Same as radio, the broadcaster broadcasts and doesn’t care whether anyone listens. Same as radio, the receiver is turned one and listens as long as something comes in. Well, the analogy stops at the life time: Event source and consumers tend to have similar life time.
Passing the Baton
The 3rd point is actually a quite different scenario: Start some work and have an event notify me about the result (and sometimes about intermediate state). Once I receive the result I let go of the participant and pass the baton on to the next piece of work.
Same as in a relay run, each participant does one job and once it’s done, he is out of business. Same as in a relay run, participation is obligatory – take someone out (or put something in his way) and the whole chain collapses.
Needless to say that this is nothing like the broadcasting scenario…
Usually the reason for the event approach (rather than simple return values) is asynchronous processing; and in fact this is not a particularly new pattern – BackgroundWorker works accordingly. On the other hand the pattern is still evolving, as the usual pattern for asynchronous work has been no pattern at all (i.e. leave it to the developer, as Thread or ThreadPool do), or the IAsyncResult pattern (relying on a wait handle). New developments however start to employ events more often, and Microsoft has actually dubbed this pattern as “event-based asynchronous pattern” (see MSDN).
One area which relies heavily on this pattern is server requests in Silverlight, via WebClient or generated proxies. But it doesn’t stop there, as Silverlight is asynchronous by nature, rather than by exception: Showing a modal dialog, navigating to another page, (down-)loading an assembly. And quite often these single incidences are chained together to form a bigger logical program flow, for example:
- The user clicks the delete button –> the application shows the confirmation dialog –> a call to the delete operation is made –> IF it succeeds (the code navigates to a list page –> …) OTHERWISE (an error message box is shown –> …)

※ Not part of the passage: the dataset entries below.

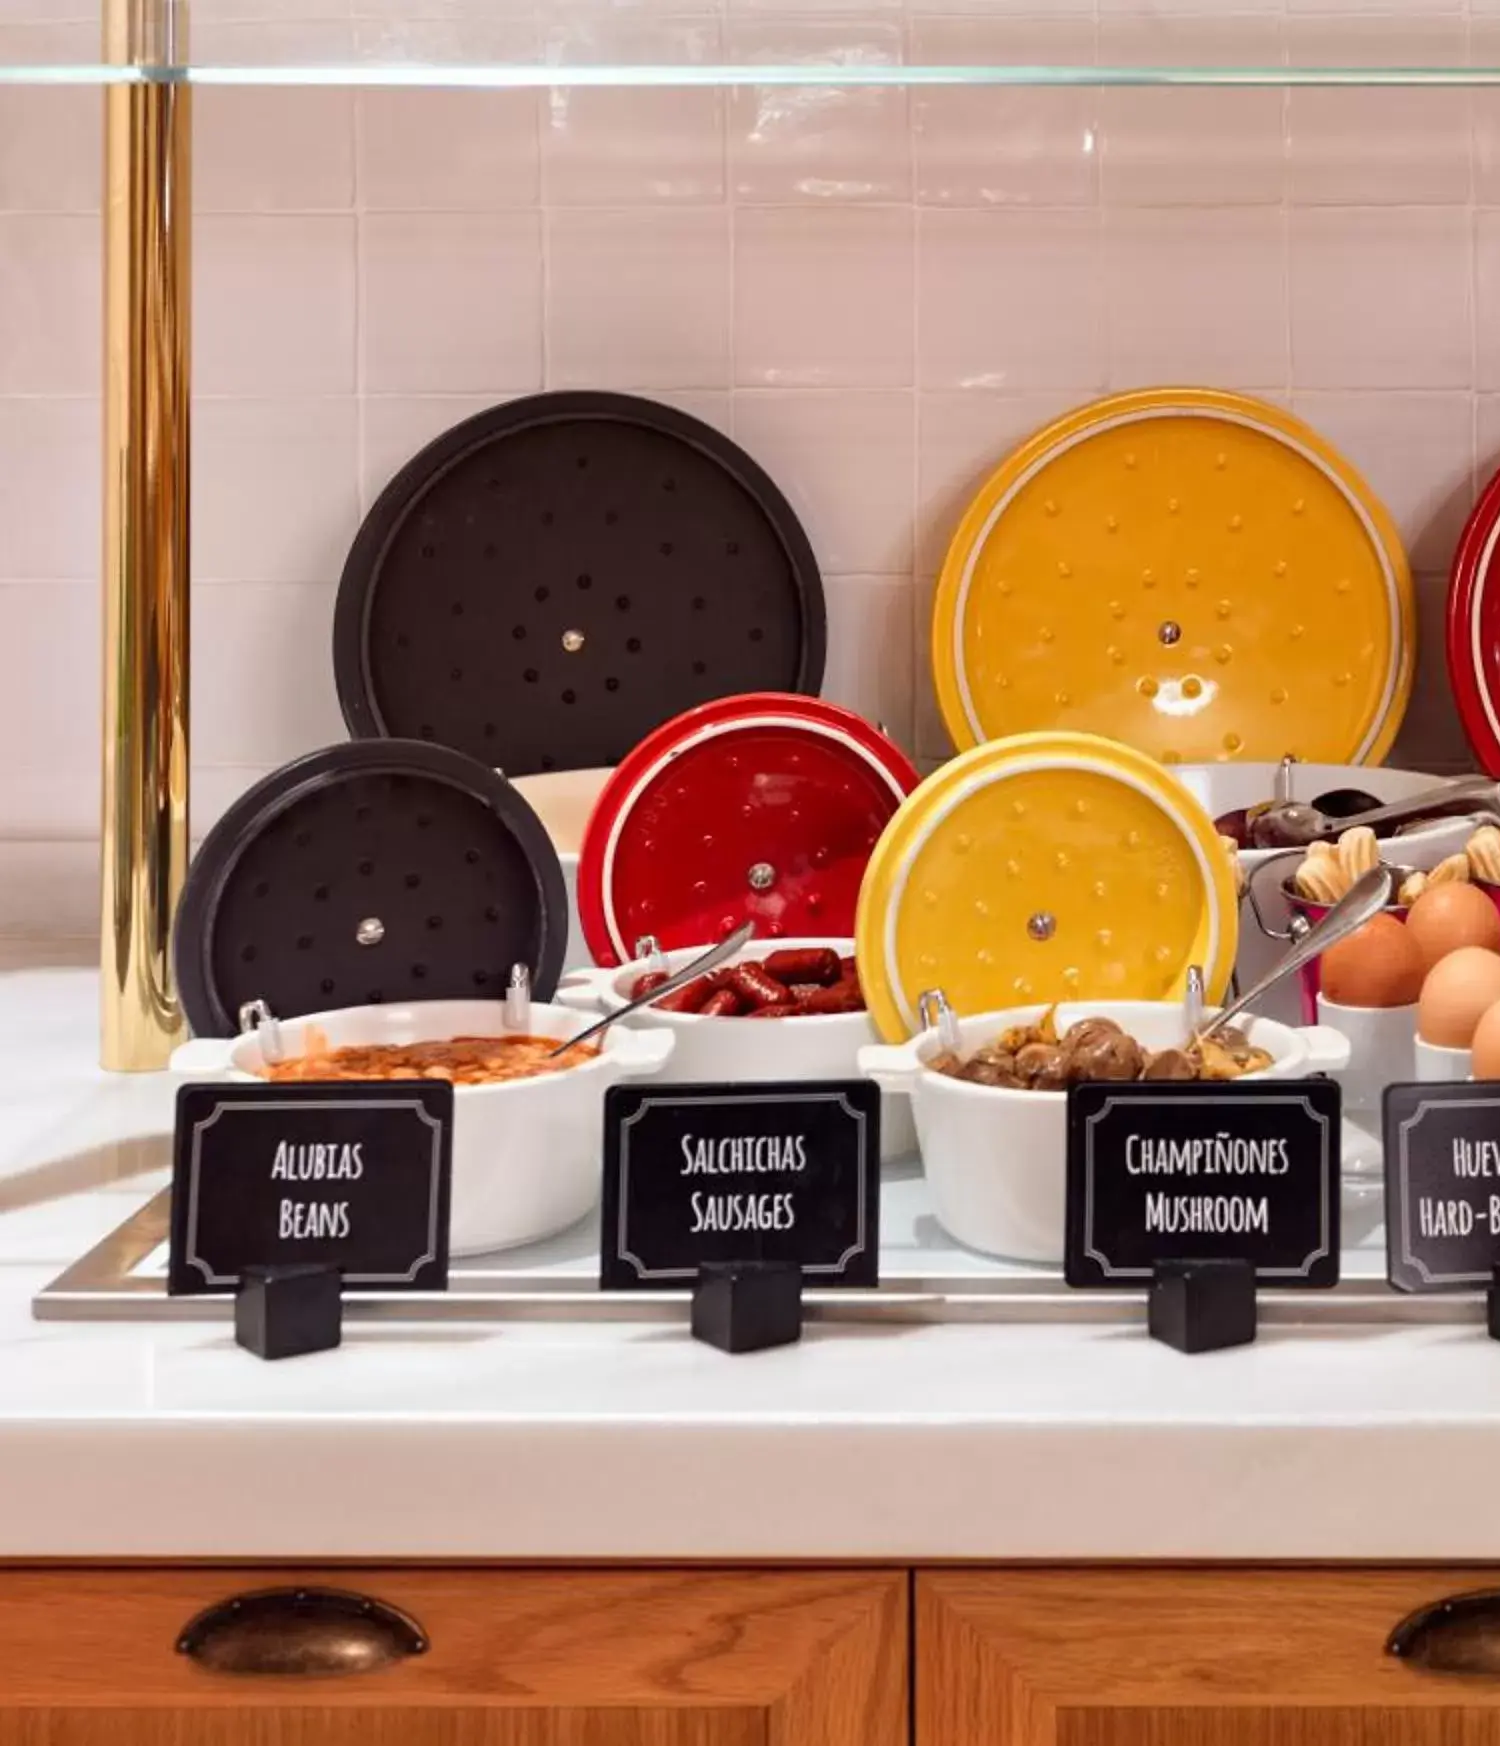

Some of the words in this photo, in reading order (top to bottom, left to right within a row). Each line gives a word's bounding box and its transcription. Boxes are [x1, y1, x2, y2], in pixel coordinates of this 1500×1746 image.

[270, 1139, 364, 1182] ALUBIAS
[679, 1133, 807, 1176] SALCHICHAS
[1124, 1131, 1290, 1177] CHAMPIÑONES
[278, 1198, 351, 1240] BEANS
[689, 1190, 796, 1234] SAUSAGES
[1144, 1191, 1269, 1235] MUSHROOM

Any arrow represents an event based “hop” to bridge some “asynchronicity gap” – essentially turning the logically sequential chain into a decoupled, temporary register and deregister event nightmare.
Coming back to the beginning of the post: This is the scenario I was discussion with my colleague. And doing this with a whole bunch of events and respective handler methods is simply awkward, especially if you even have to provide the event sources, usually with respective EventArgs classes. And the issue of having to consistently deregister the event handlers in order to avoid memory leaks becomes more prevalent.
Changing the Picture…
Inevitably I got annoyed with the setup/teardown orgies, and eventually I began to abandon events in this case and started passing simple callbacks along. Like this:
void DeleteBook(Book book)
{
string msg= "Delete book #" + book.Inventory + ", ‘" + book.Title + "’ ?" ;
MessageBoxes.Instance.ShowConfirm(null, msg,
ok => { if (ok) BeginDeleteBook(book); }
);
}
void BeginDeleteBook(Book book)
{
this.DeleteBookCall.Invoke(book.BookID,
ea => NavigateToBooks());
}
And actually I’m not the only one following this approach. The Task Parallel Library TPL for example has already started to make heavy use of callbacks. So this is definitely not limited to Silverlight…

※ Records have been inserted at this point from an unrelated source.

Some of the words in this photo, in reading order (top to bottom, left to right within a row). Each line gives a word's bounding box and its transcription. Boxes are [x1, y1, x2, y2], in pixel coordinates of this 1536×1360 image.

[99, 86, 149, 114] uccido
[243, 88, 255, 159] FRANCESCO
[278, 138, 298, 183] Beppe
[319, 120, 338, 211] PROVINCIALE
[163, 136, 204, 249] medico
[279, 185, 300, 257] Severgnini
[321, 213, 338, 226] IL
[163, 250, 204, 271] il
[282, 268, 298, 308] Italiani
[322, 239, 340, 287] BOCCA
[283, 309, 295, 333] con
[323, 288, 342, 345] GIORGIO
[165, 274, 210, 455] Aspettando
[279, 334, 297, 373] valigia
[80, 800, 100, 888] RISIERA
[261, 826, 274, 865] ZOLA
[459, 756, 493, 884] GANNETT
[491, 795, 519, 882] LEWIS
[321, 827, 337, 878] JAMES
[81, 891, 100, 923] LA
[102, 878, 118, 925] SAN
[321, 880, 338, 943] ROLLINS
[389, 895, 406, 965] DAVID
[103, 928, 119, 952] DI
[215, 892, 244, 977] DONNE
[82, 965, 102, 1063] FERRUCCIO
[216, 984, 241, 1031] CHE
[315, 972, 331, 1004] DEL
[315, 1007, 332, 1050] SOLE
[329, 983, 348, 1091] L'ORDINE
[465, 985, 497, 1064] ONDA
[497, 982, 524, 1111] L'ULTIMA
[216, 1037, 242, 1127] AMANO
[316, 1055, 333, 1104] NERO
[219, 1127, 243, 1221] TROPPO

Note: Also this lays the ground for a next evolutionary step: Coroutines.
Caliburn has a nice example of what this looks like; a little weird at first glance actually, but it collects all that logically sequential but technically asynchronous control flow in one method. Jeremy digs a little deeper into the topic in his post “Sequential Asynchronous Workflows in Silverlight using Coroutines”.

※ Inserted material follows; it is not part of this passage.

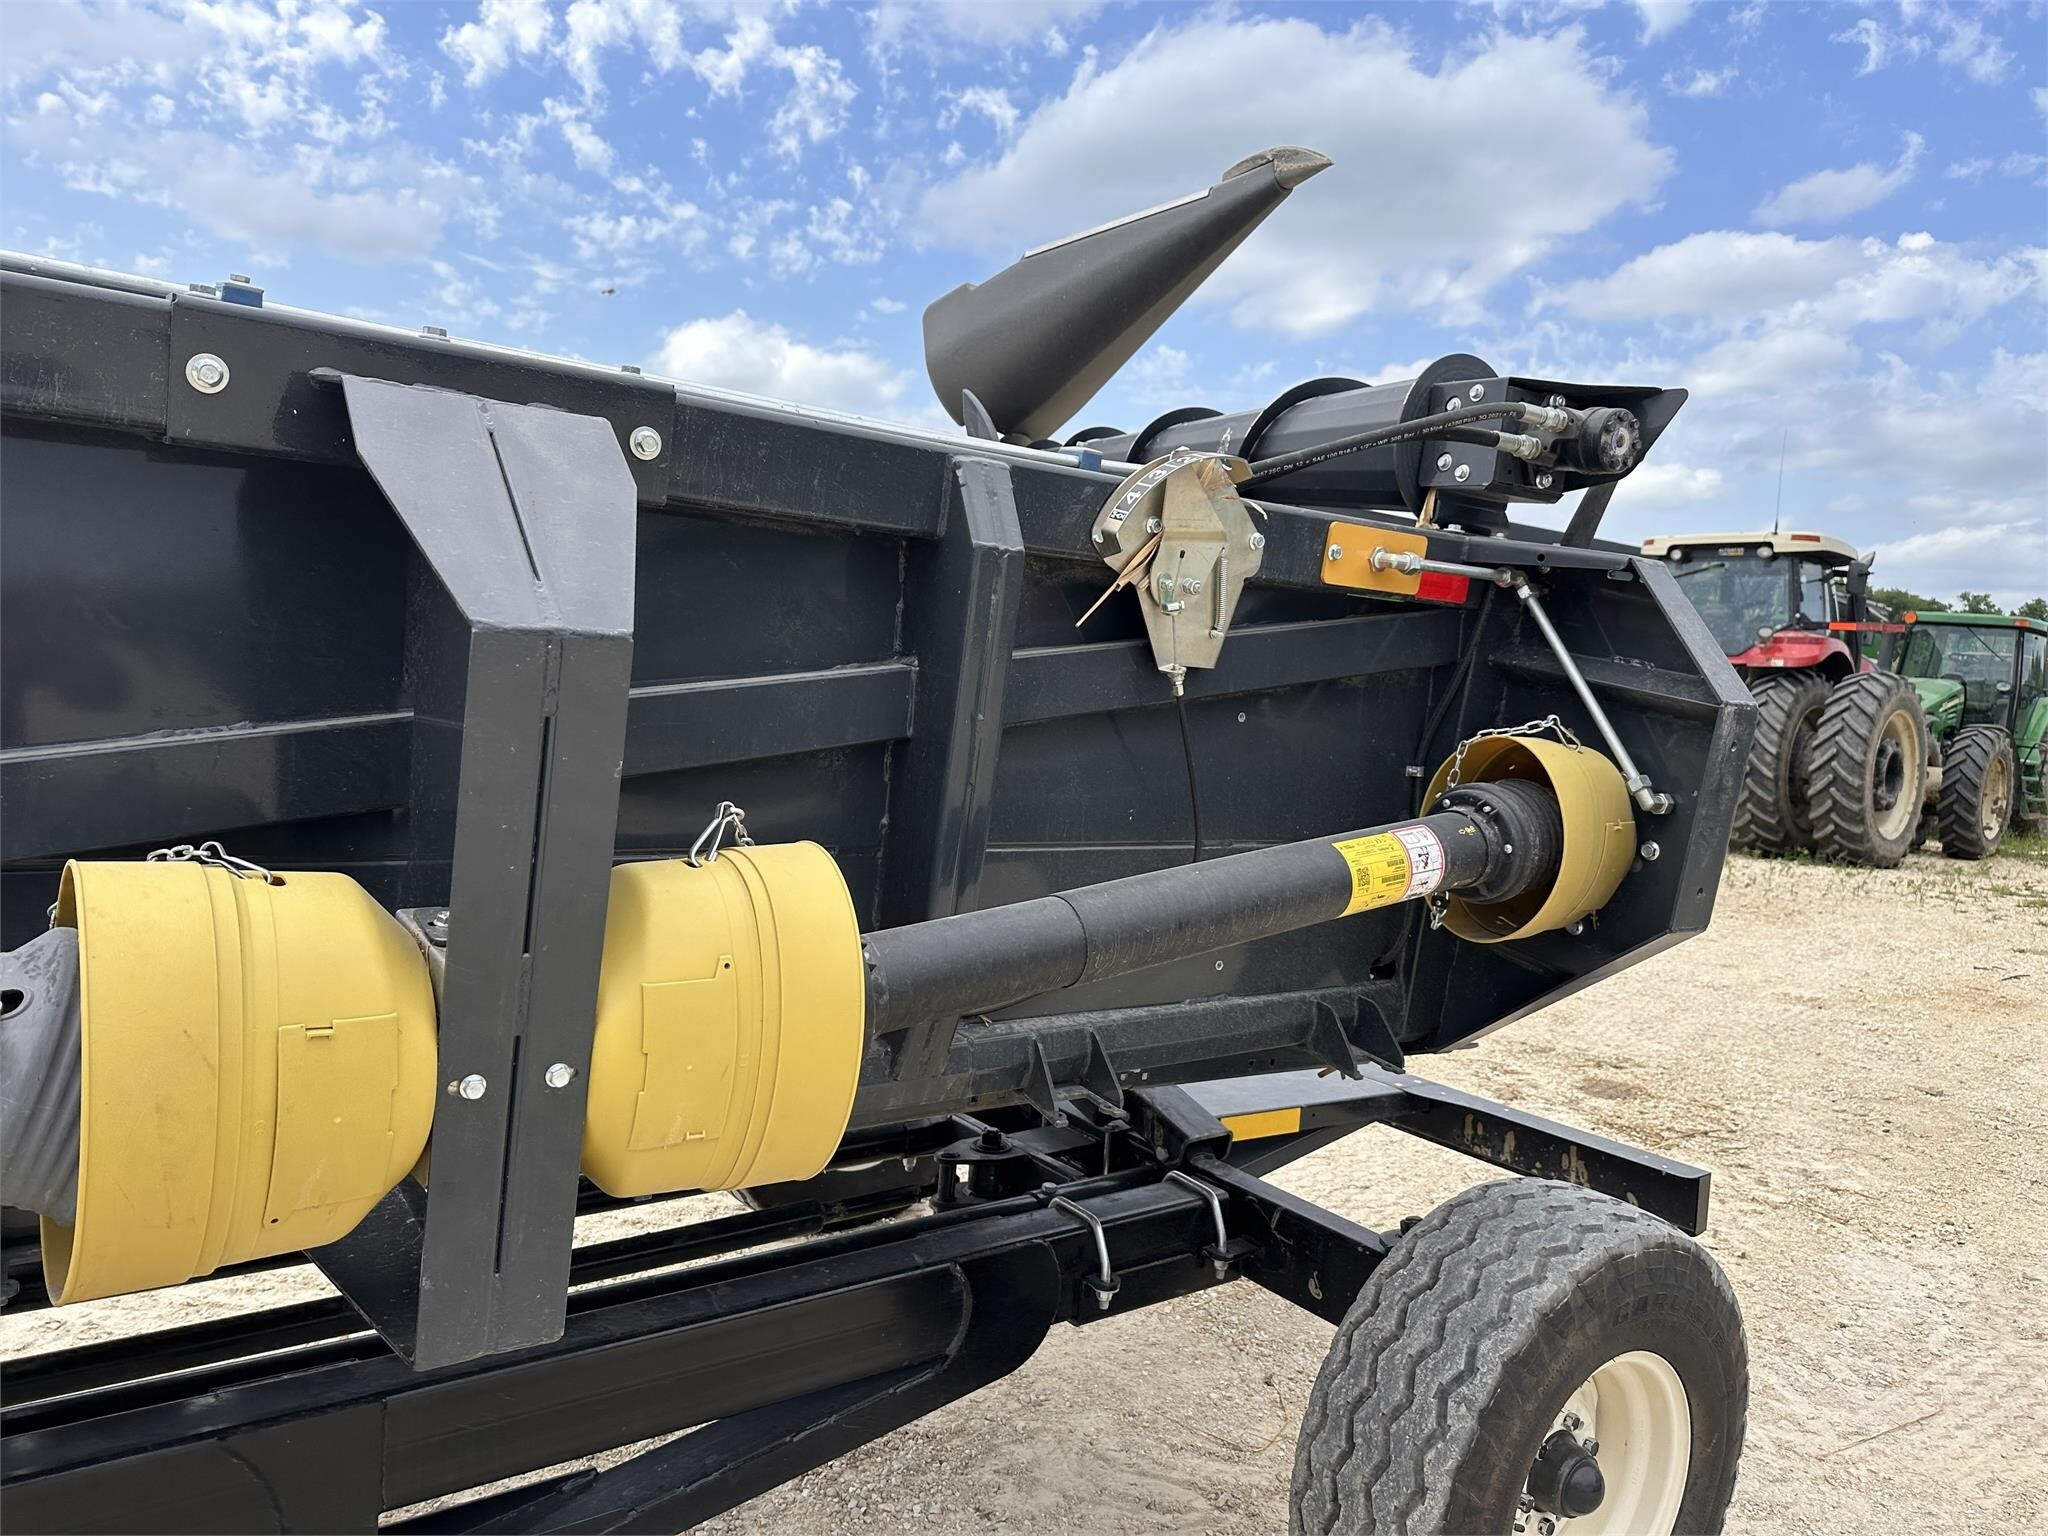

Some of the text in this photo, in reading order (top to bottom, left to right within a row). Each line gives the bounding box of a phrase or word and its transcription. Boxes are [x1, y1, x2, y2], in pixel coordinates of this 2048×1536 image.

[1312, 454, 1325, 463] SAE
[1326, 451, 1338, 459] 100
[1126, 491, 1141, 504] 4
[1148, 469, 1167, 480] 3

Anyway, even without going into coroutines, the callbacks over events approach has its merits in terms of coding efficiency. I’ll provide a motivating example, next post.
That’s all for now folks,
AJ.NET
Good job, AJ!
I just took an alike solution in a previous project to handle imports of large amounts of data. Instead of all those events, I used a command-pattern alike approach with callbacks and composite commands that worked as workflows to orchestrate several other atomic commands.